Pertama, perlu adanya penegakan hukum yang lebih tegas terhadap kekerasan atau intimidasi terhadap guru. Pelaku kekerasan terhadap guru harus diberikan sanksi yang jelas untuk memberikan efek jera dan memastikan guru dapat bekerja dalam lingkungan yang aman. Saat ada kasus kriminalisasi terhadap guru, perlu ada perlindungan khusus oleh badan berbadan hukum untuk memastikan keselamatan fisik maupun mental guru. Dalam hal ini, pemerintah bisa memberikan kewenangan lebih bagi serikat guru mengenai advokasi dan pembangunan kesadaran politik mengenai hak dan kewajiban guru, serta implementasi pembangunan keamanan dan kenyamanan di lingkungan pendidikan.

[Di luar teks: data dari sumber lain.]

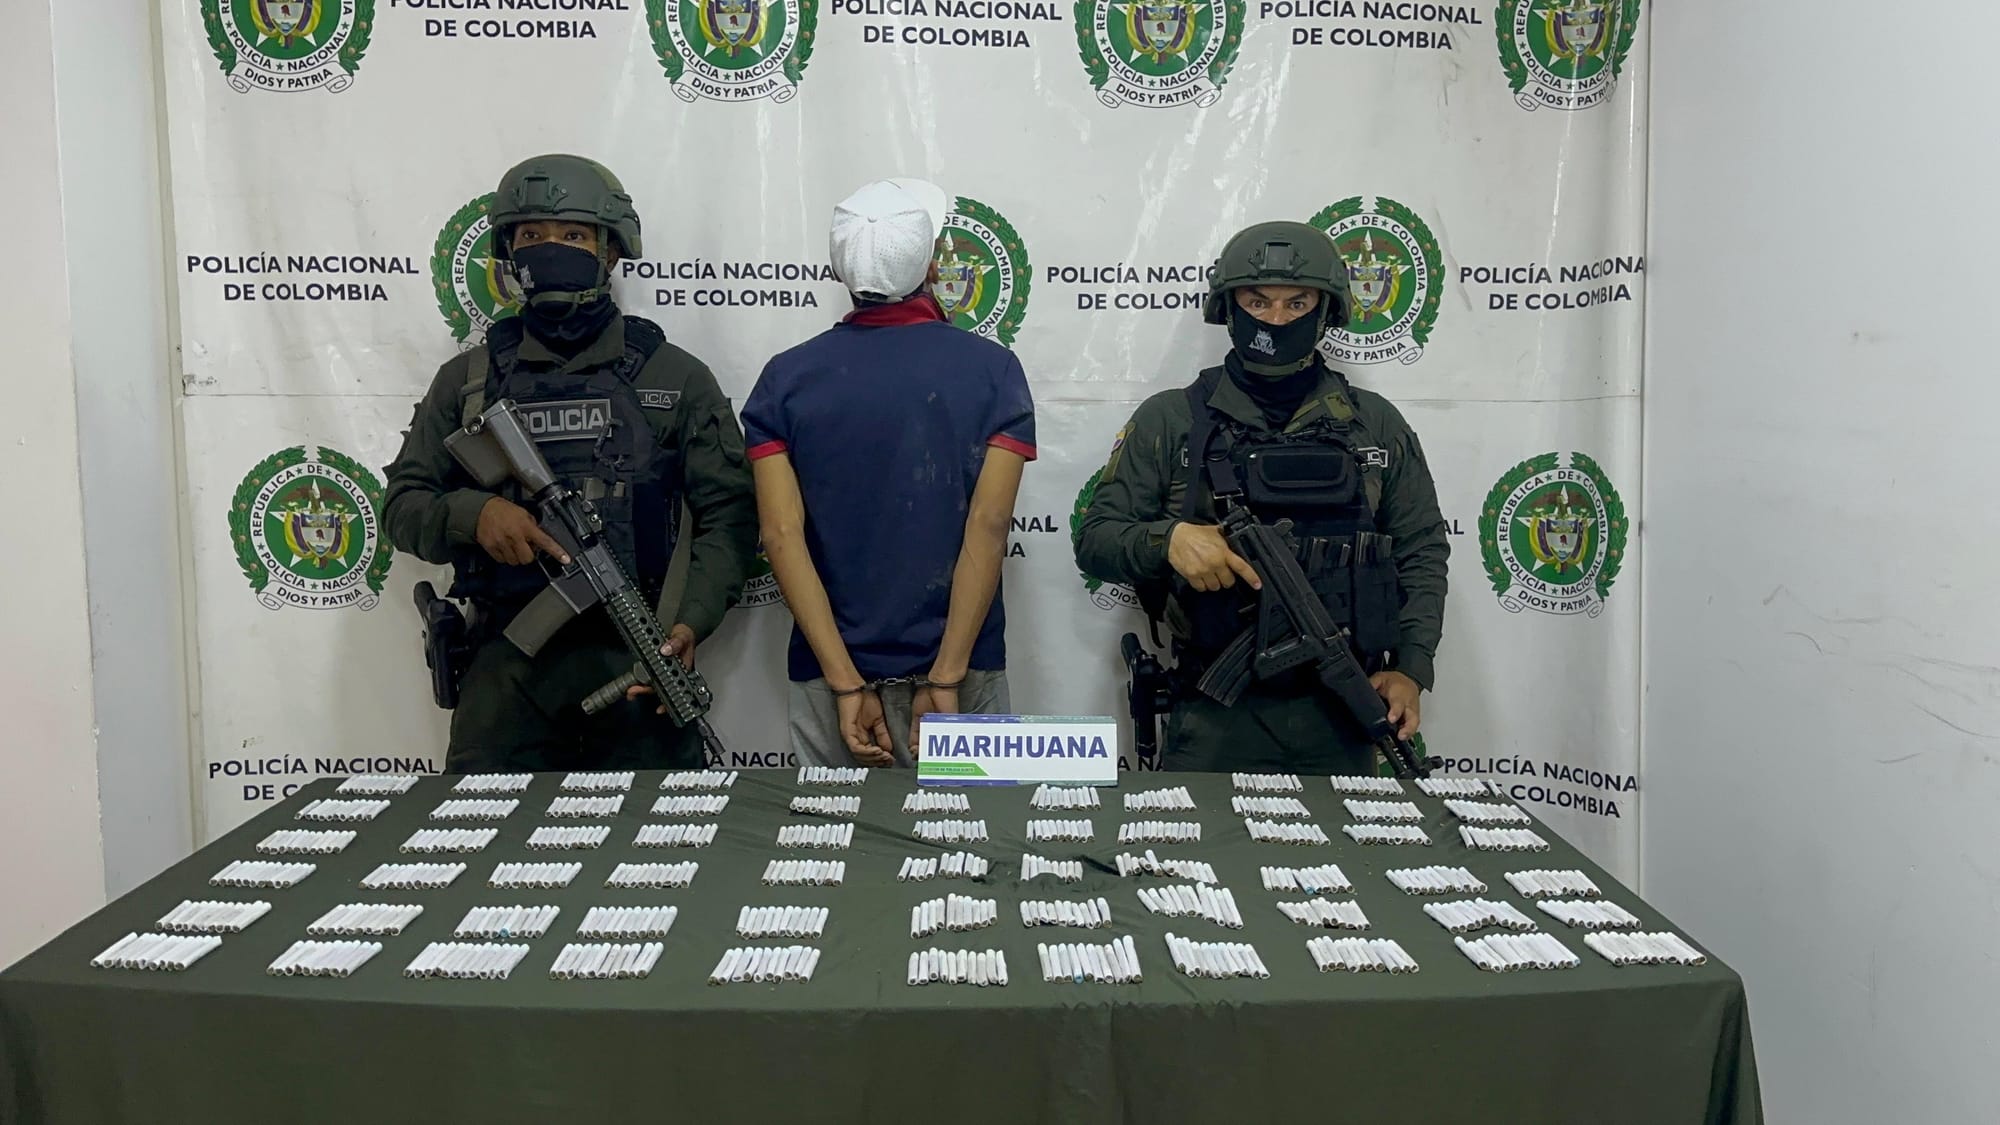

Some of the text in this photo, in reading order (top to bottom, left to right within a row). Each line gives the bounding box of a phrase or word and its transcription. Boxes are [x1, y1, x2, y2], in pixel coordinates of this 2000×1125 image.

Kedua, reformasi kebijakan pendidikan yang memperjelas batasan-batasan pendisiplinan yang dapat diambil oleh guru tanpa harus takut dihukum, sehingga mereka dapat menjalankan peran mereka secara efektif tanpa rasa takut. Undang-undang juga perlu mengatur bagaimana sistem advokasi guru dapat dipermudah dan dilindungi oleh aparat penegak hukum negara. Kemudian, pemerintah melalui kementerian pendidikan dasar dan menengah membuat aturan mengenai pembentukan musyawarah sekolah. Musyawarah sekolah adalah musyawarah yang diikuti oleh pihak sekolah dan wali murid untuk membahas kesepakatan terkait tata tertib dan aturan yang berlaku di lingkungan sekolah. Kesepakatan tersebut ditandatangani sehingga memiliki kekuatan di mata hukum melalui aturan dari pusat yang dibuat.

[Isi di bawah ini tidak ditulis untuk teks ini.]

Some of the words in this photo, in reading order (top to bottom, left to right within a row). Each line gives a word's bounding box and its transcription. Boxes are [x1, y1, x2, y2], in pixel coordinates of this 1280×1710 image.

Solusi yang ditawarkan bukan berarti sudah sempurna, tantangan ke depan yang perlu diwaspadai adalah adanya oknum guru yang menjadikan aturan pengamanan terhadap guru sebagai celah untuk melindungi dari tindakan kejahatan yang memang sah di mata hukum, misalnya kejahatan asusila. Selain itu, juga ada potensi dalam pembuatan reformasi kebijakan yang sarat akan kepentingan dan ditunggangi oleh pihak-pihak terkait, misalnya pungli dari pihak sekolah dengan alasan keperluan fasilitas sekolah. Kekhawatiran ini akan menjadi pengingat bagi pemangku kebijakan untuk mengkaji lebih dalam pembuatan kebijakan guru sehingga mampu untuk diimplementasikan tanpa konflik kepentingan.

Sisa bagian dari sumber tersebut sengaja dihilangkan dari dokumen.